Campanile for Mary’s Magnificat

Excerpt from Chlora’s Book of the Month Club: December
copyright 2014, Ginger Henry Geyer

In early December, Chlora gets confused about the annunciation and the visitation…

When she opened her front door
the big pregnant neighbor lady
exclaimed, “Oops!”
She felt the baby jump, and said
“either he’s a gymnast or you’re Elizabeth
and this is the Visitation.”

Chlora knew she was not Elizabeth.
Maybe this was Great Expectations.
Plus she had the annunciation and visitation all mixed up.
Mary was in both events,
but one involved an angel and the other an old lady,
and in pictures both usually showed two people,
one in confrontation and the other pair in a hug.
Luke said at one point that Mary was deeply disturbed.
No wonder. Somebody either got the math wrong
or Gabriel was calling on the wrong girl.

…now it is Christmas Eve, and Chlora decides to hang a trio of birdseed bells
outside in the snow…

Before they went to church,
they checked the weather on the TV news.
First there was a report from Rome.
The Pope had done Christmas mass in the bulging
St. Peter’s Cathedral, and they had a parade of cardinals.
Cardinals? Was the Vatican is full of birds?
Ha ha, Chlora thought, they better call Alfred Hitchcock.

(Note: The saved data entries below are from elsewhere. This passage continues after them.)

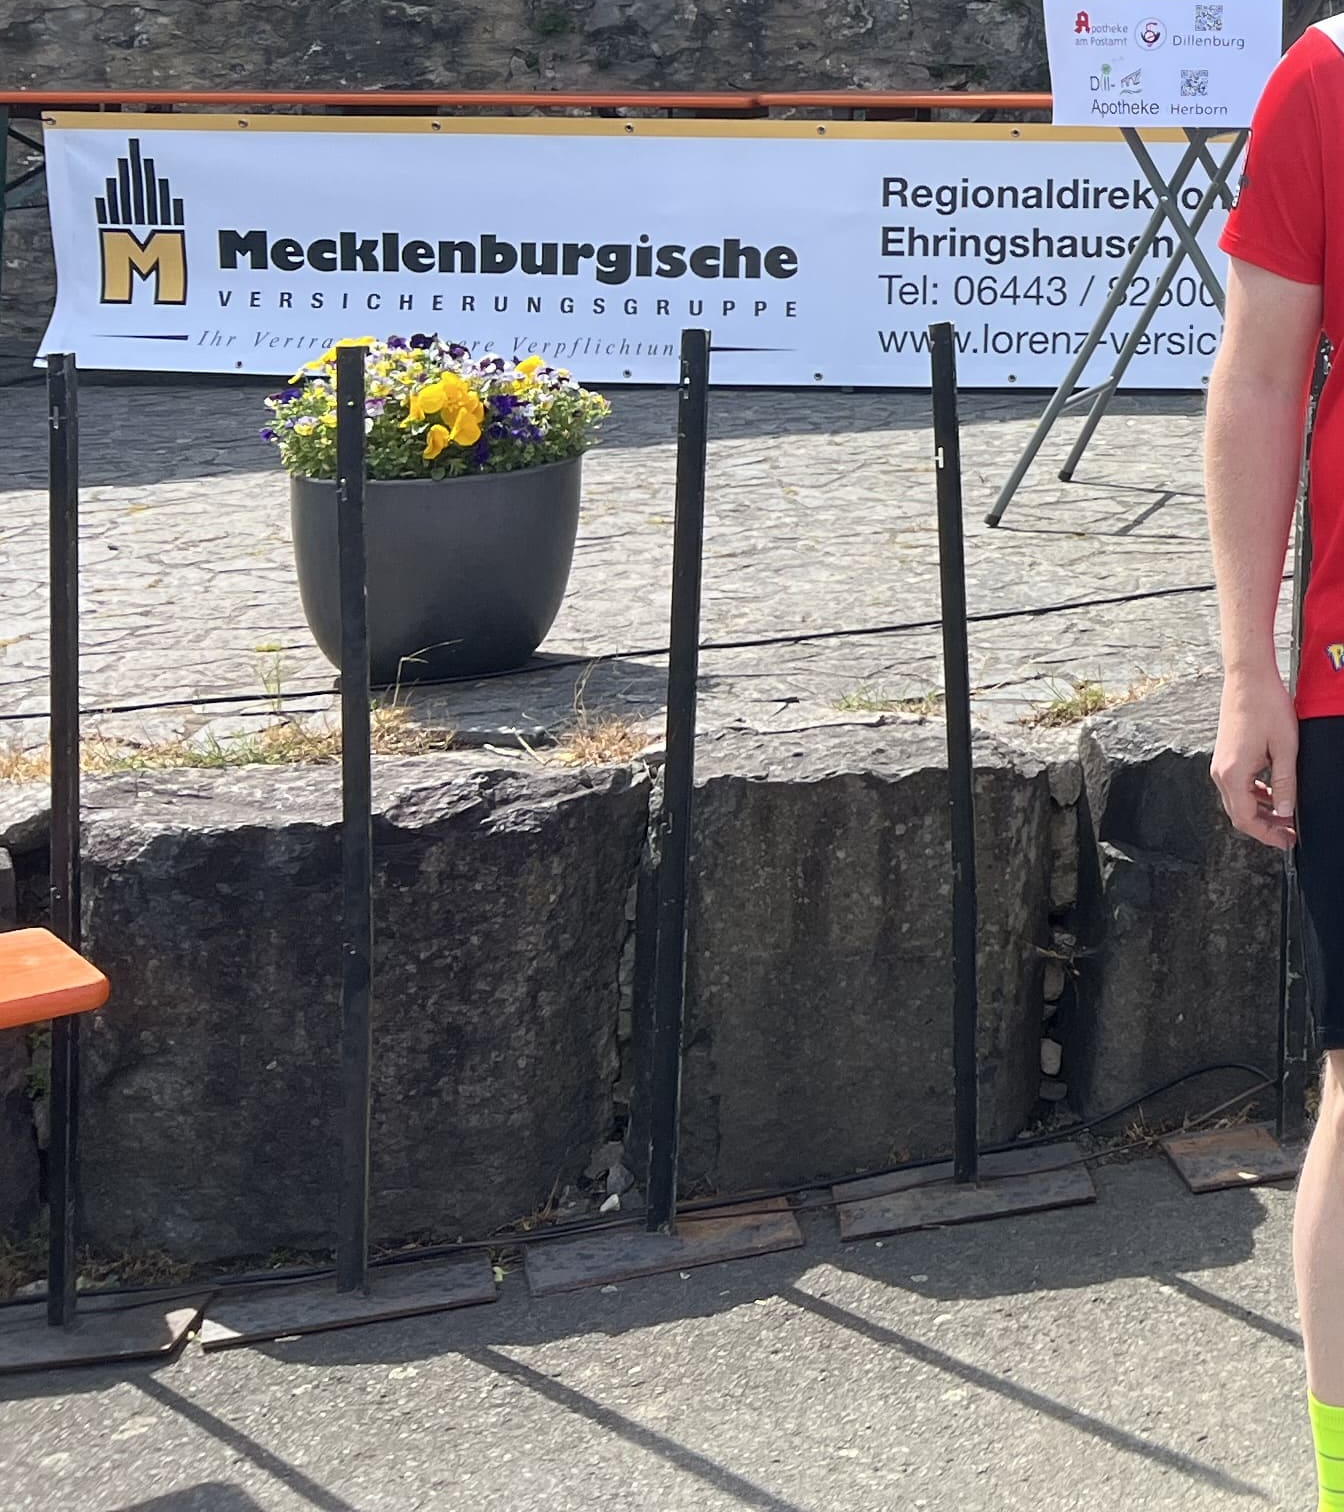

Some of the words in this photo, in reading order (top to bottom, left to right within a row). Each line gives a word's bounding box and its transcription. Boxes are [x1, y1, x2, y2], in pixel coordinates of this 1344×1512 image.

[1090, 36, 1128, 47] Postamt
[1172, 34, 1246, 50] Dillenburg
[1091, 98, 1160, 118] Apotheke
[1170, 103, 1229, 116] Herborn
[881, 176, 1232, 216] Regionaldireko
[218, 229, 799, 285] Mecklenburgische
[880, 226, 1174, 265] Ehringshausen
[218, 289, 798, 319] VERSICHERUNGSGRUPPE
[878, 274, 939, 306] Tel:
[954, 275, 1068, 307] 06443
[1079, 275, 1096, 307] /
[197, 329, 237, 347] Ihr
[254, 331, 334, 349] Vertra
[511, 336, 681, 360] Verpflichtun
[878, 323, 1224, 356] www.lorenz-versic
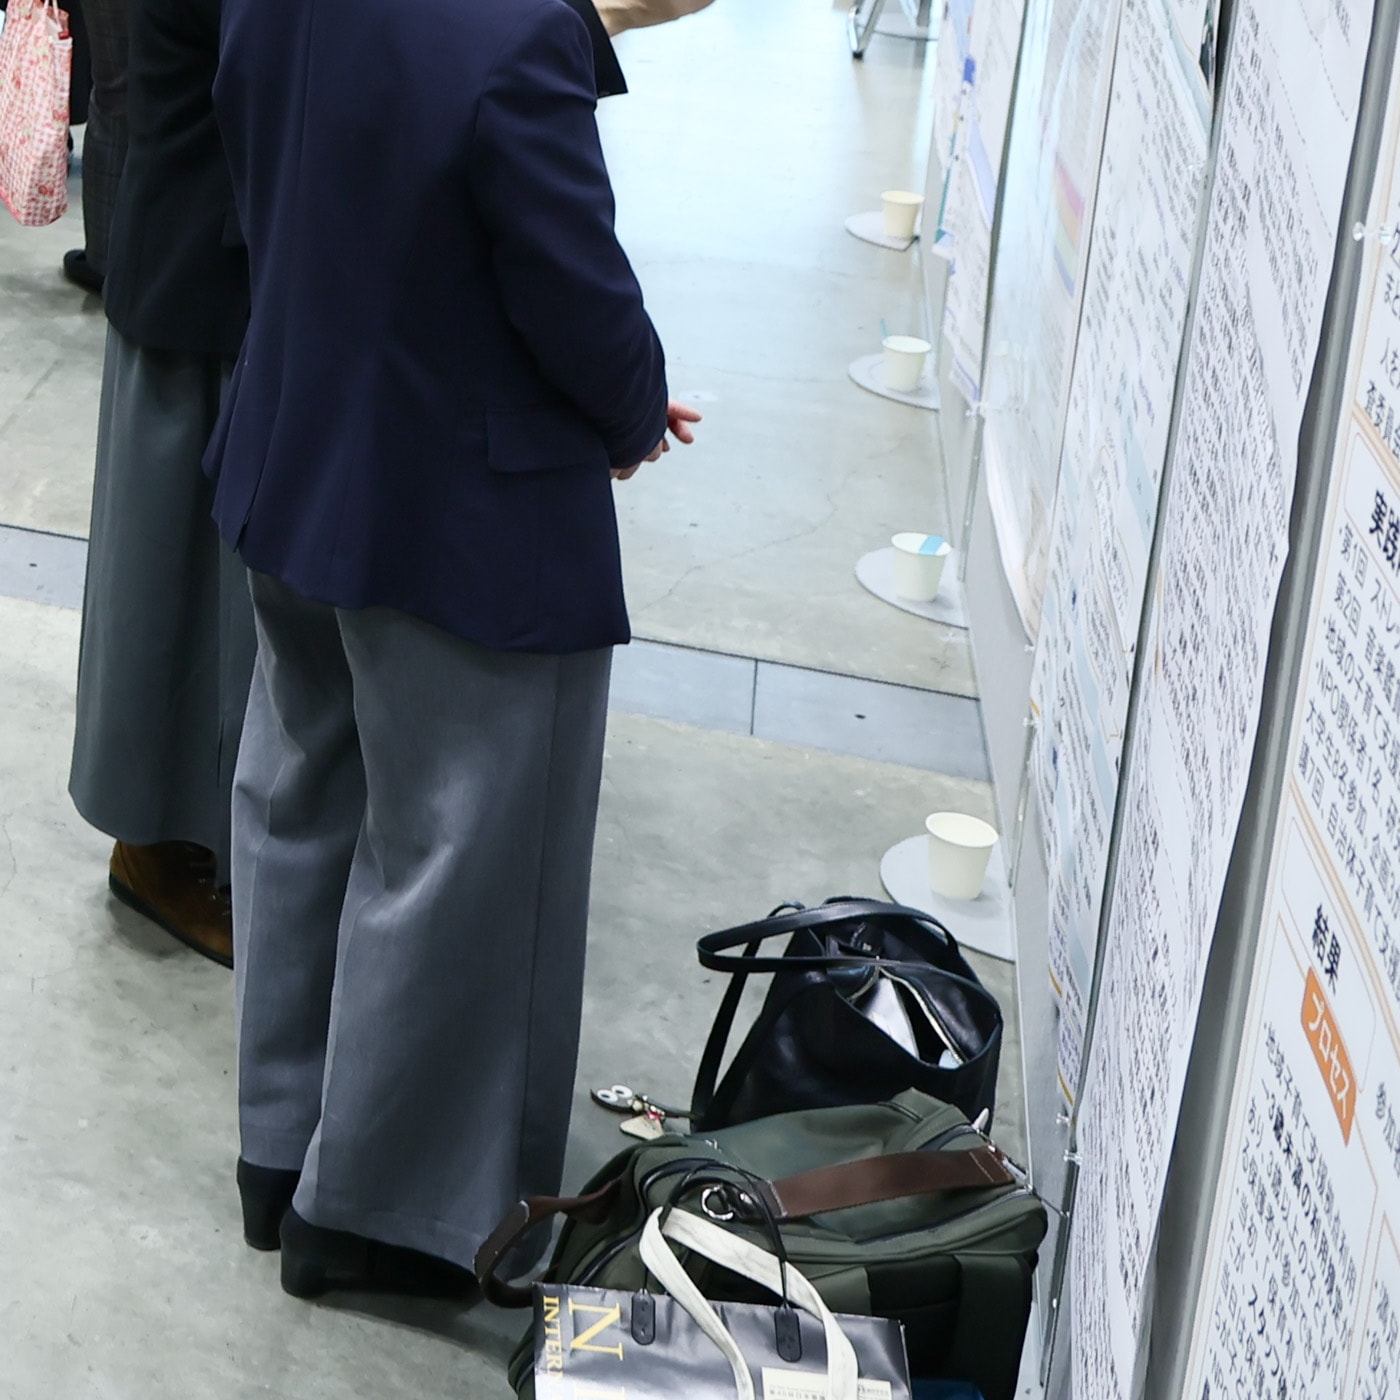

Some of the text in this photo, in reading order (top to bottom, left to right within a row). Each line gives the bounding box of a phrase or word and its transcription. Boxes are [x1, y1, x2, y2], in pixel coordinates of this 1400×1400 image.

[1312, 903, 1341, 996] 結果
[1309, 991, 1351, 1120] プロセス

This reminded Chlora to also feed the birds.
It was night and they probably wouldn’t discover
their treat until the morning,
and if it was snowing, they’d need some help.
Their dog got a stocking of treats, and the birds deserved
a merry Christmas too.

Three neighbors had given them bells shaped of birdseed;
these had apparently been the latest fad
at the hardware store which had promoted
regular bird feeding to change the migration patterns
of certain species. Chlora was happy to comply.
Redbirds were serendipitous, like vermillion messages
of hope. And to get more hope, you had to sometimes
provide for it. That was a cardinal rule
for harbingers of grace: prepare the way.
There was no better way than sunflower seeds for redbirds.
She liked to spread the seed all down the railing for the deck
and then wait for the long conversation
of birds flitting from one end to the other.
But squirrels always interrupted the birds
and she had to chase them off.

Chlora figured one way to fend off the squirrels
was to hang real bells on the birdseed bells.
Maybe the jingle would scare them off.
She borrowed three redbird ornaments from
the Christmas tree and attached them to each bell.
If redbirds were anything like bulls,
they’d be attracted to red
and come a-flying. It’d be like they had
their own handbell choir while they ate.

One bell had a picture of Jesus stuck on it,
another had Mary and her friends visiting,
and the third showed that hippie
St. Francis Feeding the Birds.
She tied big plaid ribbons on them
and found twine to hang them high.
The three would work well together,
like a campanile or carillon, hanging
side by side out on a limb right outside
the kitchen window.

She came back inside and admired her handiwork.
From behind her, the cardinals on TV
reflected in the windowpane
right over her campanile.

…after the rush of Christmas morning presents, Chlora sits down for breakfast and observes her birdseed bells…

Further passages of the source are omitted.